**Goal of the exercise:** Please output the entries that follow exactly, without a single image.
-- Opening Marker --
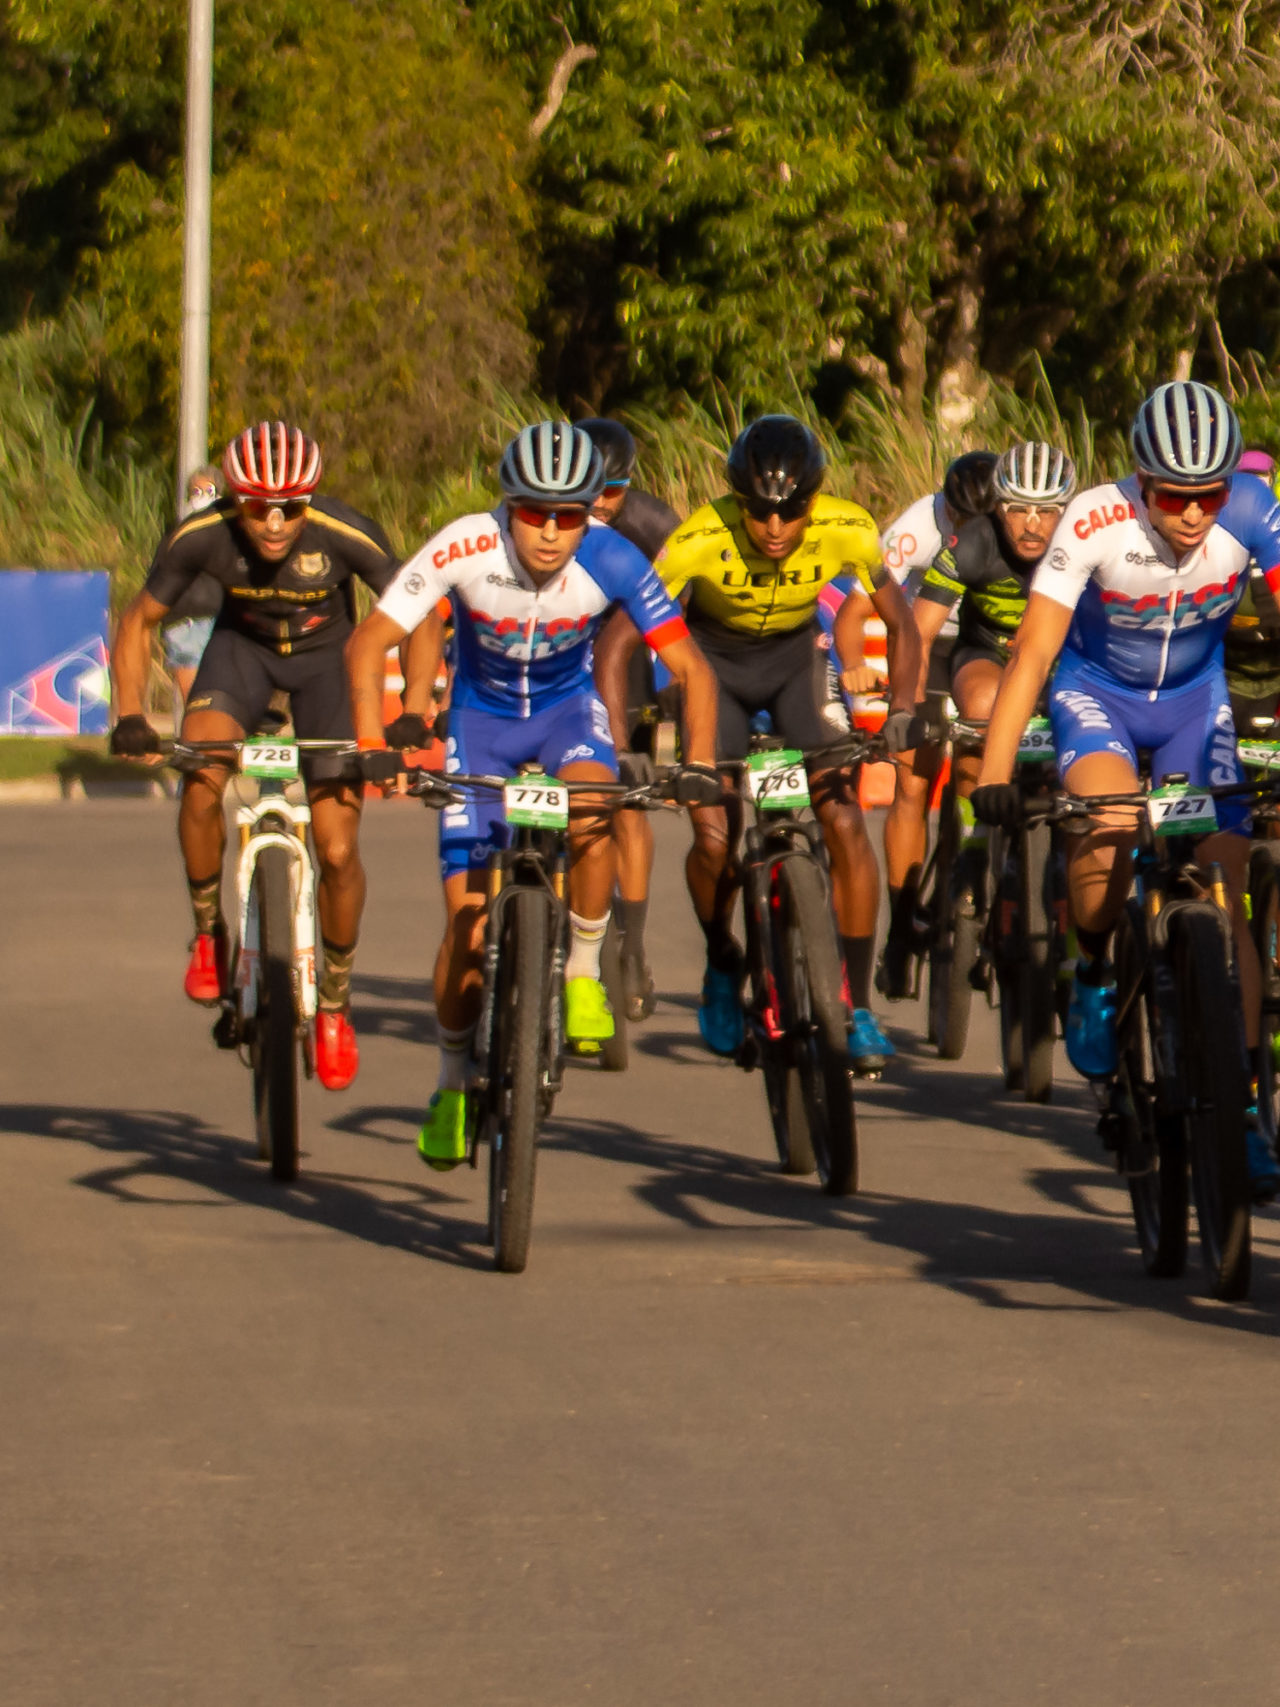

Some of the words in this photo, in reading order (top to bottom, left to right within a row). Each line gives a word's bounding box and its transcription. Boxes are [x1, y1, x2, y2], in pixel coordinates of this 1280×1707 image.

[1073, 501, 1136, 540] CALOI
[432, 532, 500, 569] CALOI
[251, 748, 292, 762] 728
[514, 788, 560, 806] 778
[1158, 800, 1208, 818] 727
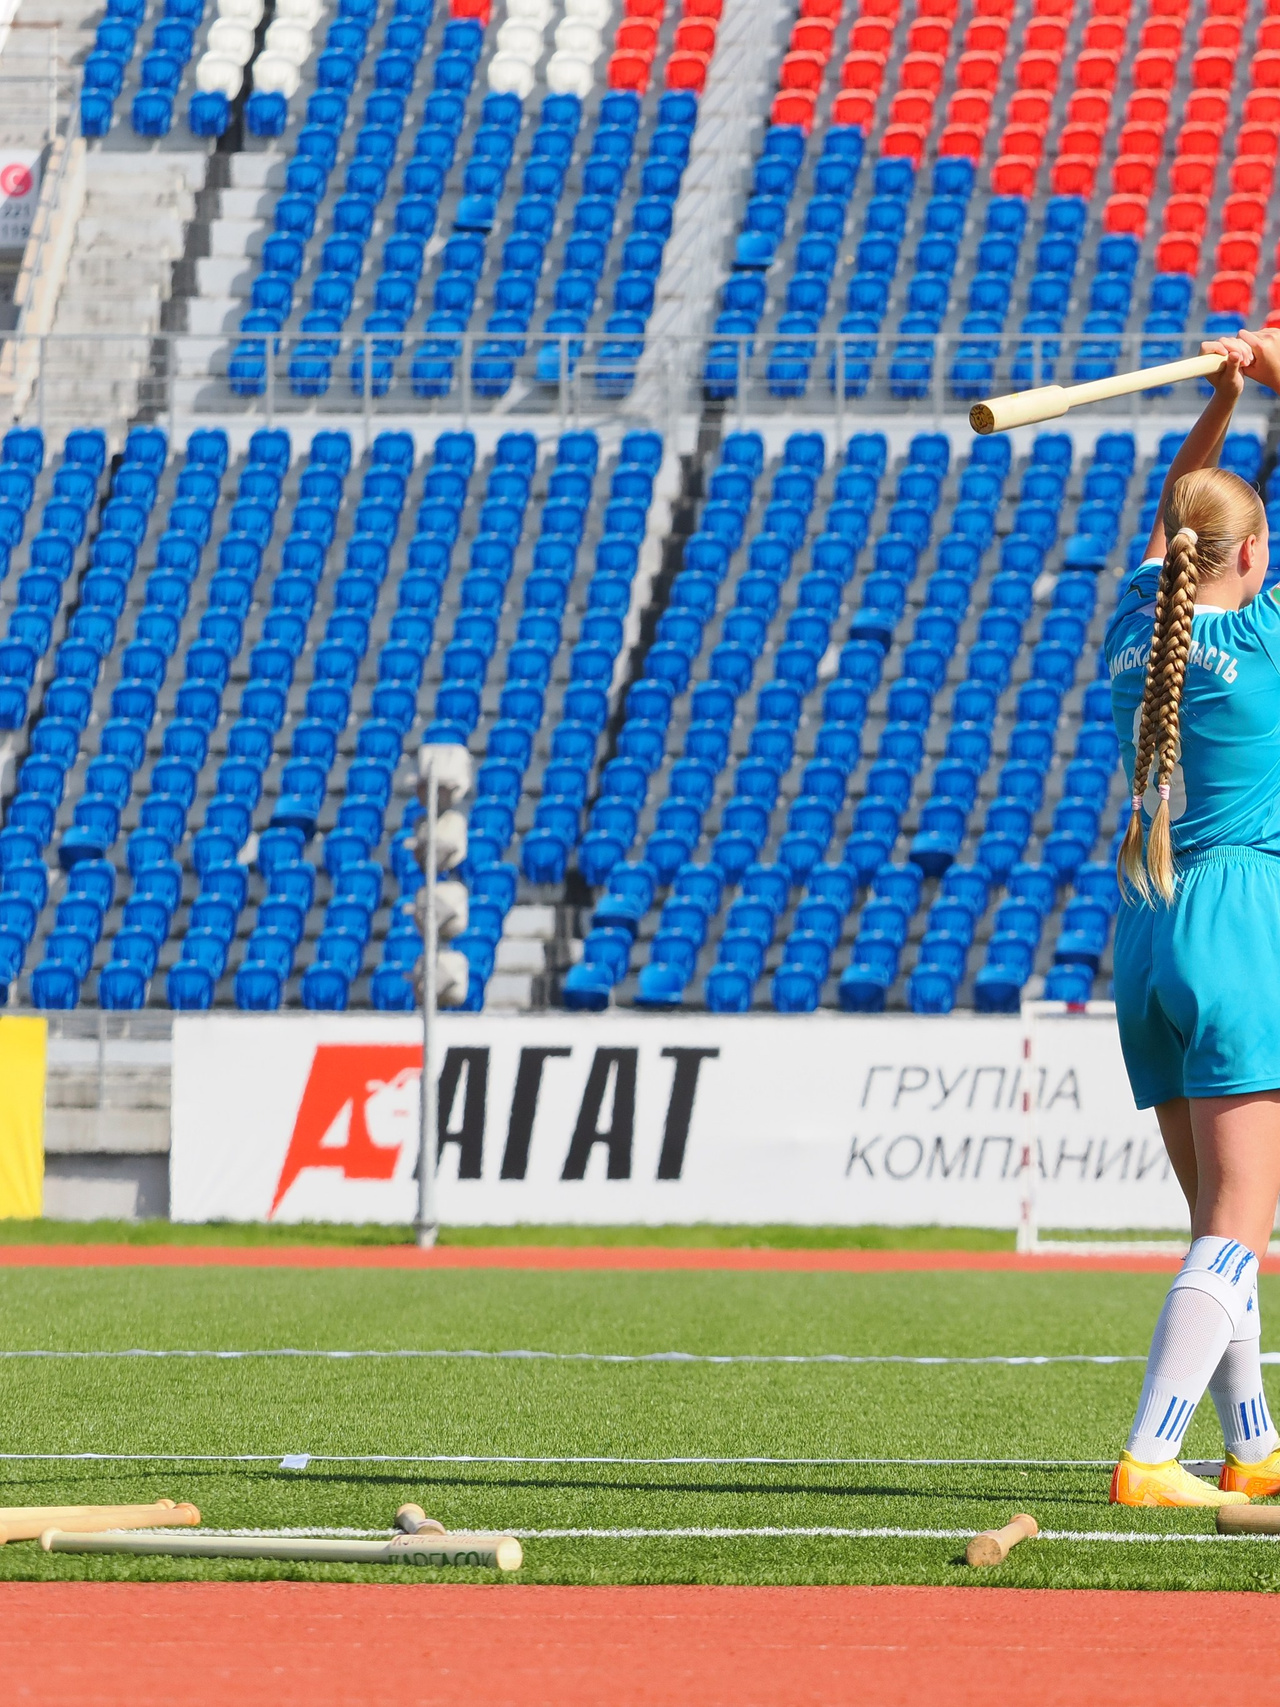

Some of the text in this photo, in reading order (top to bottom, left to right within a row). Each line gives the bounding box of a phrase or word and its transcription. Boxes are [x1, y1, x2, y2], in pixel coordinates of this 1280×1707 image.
-- Closing Marker --
**Response to this exercise:**
Some of the words in this photo, in reading order (top to bottom, left to right within a row). Each line gives a word's bounding box and its transcription. Boxes are [x1, y1, x2, y2], in pixel coordinates of this 1280×1707 image.

[1073, 501, 1136, 540] CALOI
[432, 532, 500, 569] CALOI
[251, 748, 292, 762] 728
[514, 788, 560, 806] 778
[1158, 800, 1208, 818] 727

Some of the text in this photo, in reading order (top to bottom, left to right within a row). Each line gives the bounding box of a phrase or word and its transcription. Boxes are [x1, y1, x2, y2], in pixel coordinates of this 1280×1707 image.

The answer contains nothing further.